Herrick-Davis K, Titeler M
Department of Pharmacology and Toxicology, Albany Medical College, New York 12208.
Synapse. 1989;3(4):325-30. doi: 10.1002/syn.890030405.
Radioligand binding studies were performed to characterize serotonin 5HT1D binding sites in porcine and bovine brain. 3H-5HT binding, in the presence of 1 microM (+/-)pindolol (to block 5HT1A and 5HT1B receptors) and 100 nM mesulergine (to block 5HT1C receptors), was specific, saturable, and of high affinity. In porcine and bovine cortex and striatum the majority of 5HT1 sites (80%-90%) were of the 5HT1D subtype. In competition experiments 8-OH-DPAT, TFMPP, mesulergine, DOB, and ICS 205-930 had low affinity for 3H-5HT-labeled 5HT1D sites, indicating that the pharmacology of the 5HT1D site is distinct from previously identified 5HT1A, 5HT1B, 5HT1C, 5HT2, and 5HT3 sites. Guanyl nucleotides, GTPgammaS, and Gpp(NH)p, and divalent cations potently modulated the binding of 3H-5HT to 5HT1D sites in porcine and bovine striatum. Mg++ ions increased the number and affinity of 3H-5HT-labeled 5HT1D sites, while guanyl nucleotides decreased the number of 3H-5HT-labeled 5HT1D sites. These results demonstrate the presence of the 5HT1D receptors in porcine striatum and bovine cortex and provide direct demonstration that the radioligand binding assay for the 5HT1D receptor can monitor the interaction of this receptor with a GTP-binding protein.
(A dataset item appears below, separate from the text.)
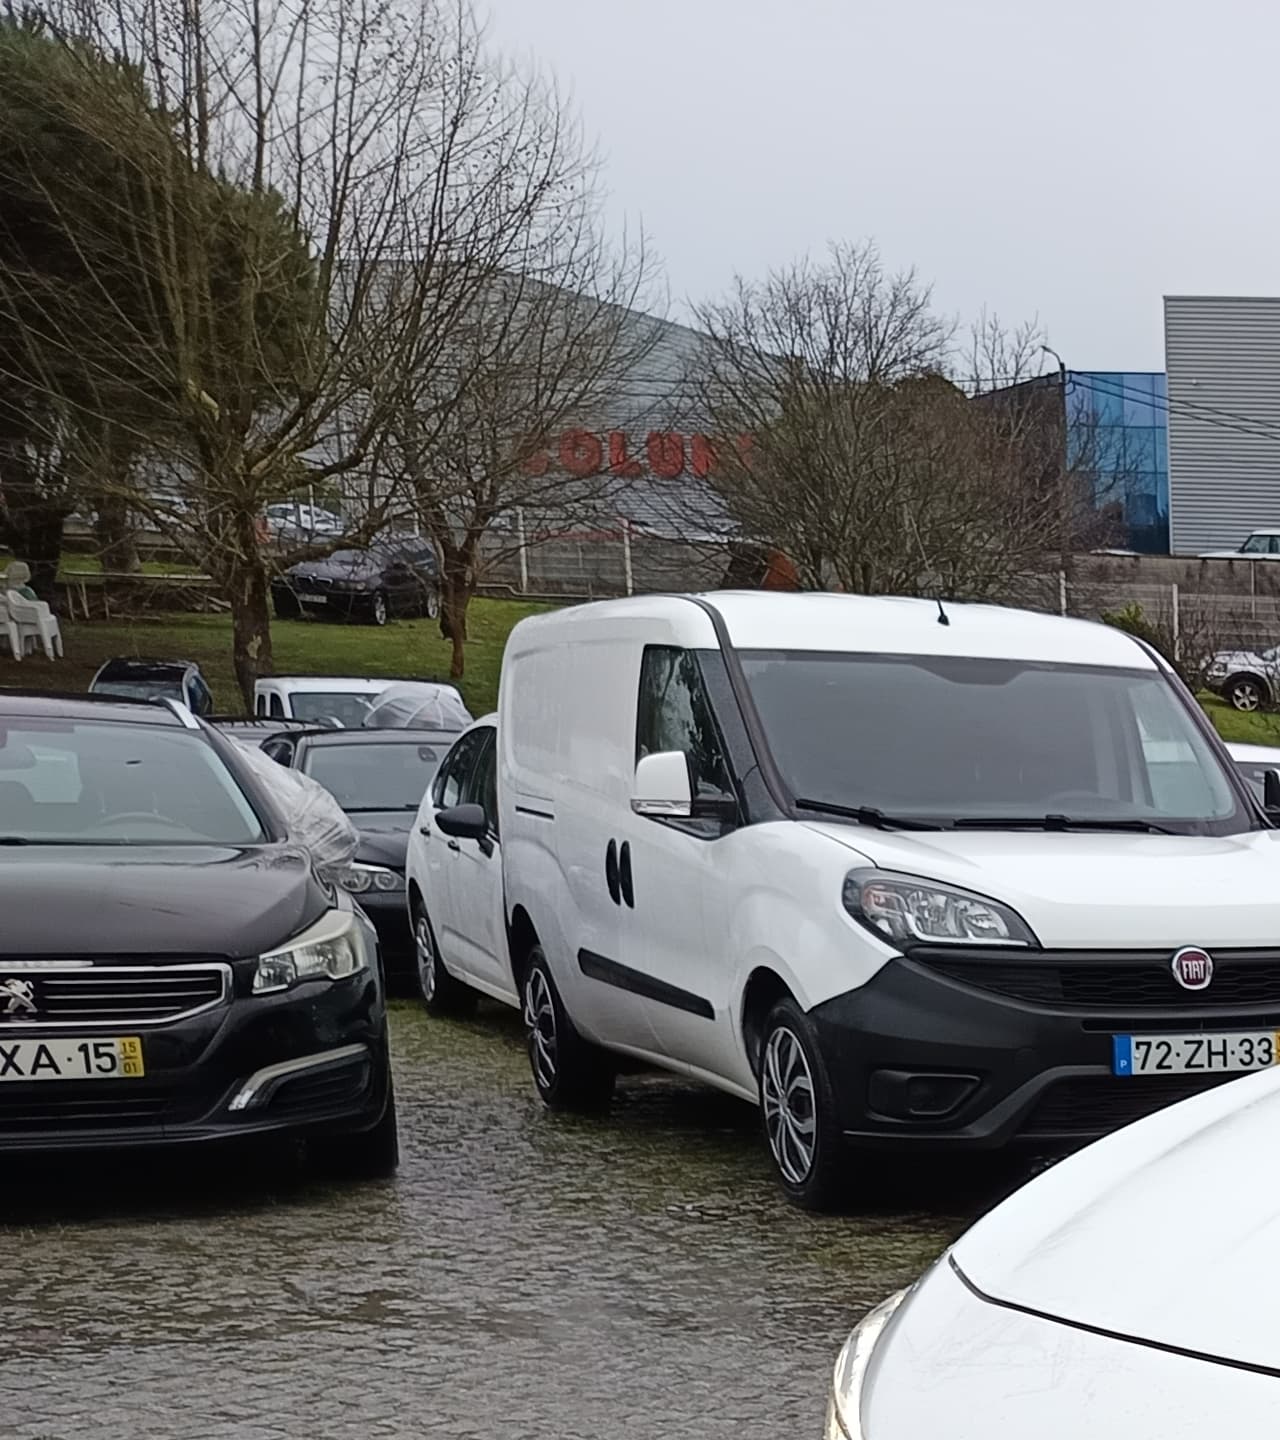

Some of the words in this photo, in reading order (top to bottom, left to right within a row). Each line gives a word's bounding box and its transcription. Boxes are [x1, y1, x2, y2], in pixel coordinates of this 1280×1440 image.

进行放射性配体结合研究以表征猪和牛脑中的5-羟色胺5HT1D结合位点。在存在1 microM(±)吲哚洛尔(以阻断5HT1A和5HT1B受体)和100 nM美舒麦角(以阻断5HT1C受体)的情况下,3H-5HT结合具有特异性、可饱和性且亲和力高。在猪和牛的皮质及纹状体中,大多数5HT1位点(80%-90%)属于5HT1D亚型。在竞争实验中,8-OH-DPAT、TFMPP、美舒麦角、DOB和ICS 205-930对3H-5HT标记的5HT1D位点亲和力较低,这表明5HT1D位点的药理学特性与先前鉴定的5HT1A、5HT1B、5HT1C、5HT2和5HT3位点不同。鸟苷酸、GTPγS和Gpp(NH)p以及二价阳离子强烈调节猪和牛纹状体中3H-5HT与5HT1D位点的结合。Mg++离子增加了3H-5HT标记的5HT1D位点的数量和亲和力,而鸟苷酸则减少了3H-5HT标记的5HT1D位点的数量。这些结果证明了猪纹状体和牛皮质中存在5HT1D受体,并直接证明了5HT1D受体的放射性配体结合测定可以监测该受体与GTP结合蛋白的相互作用。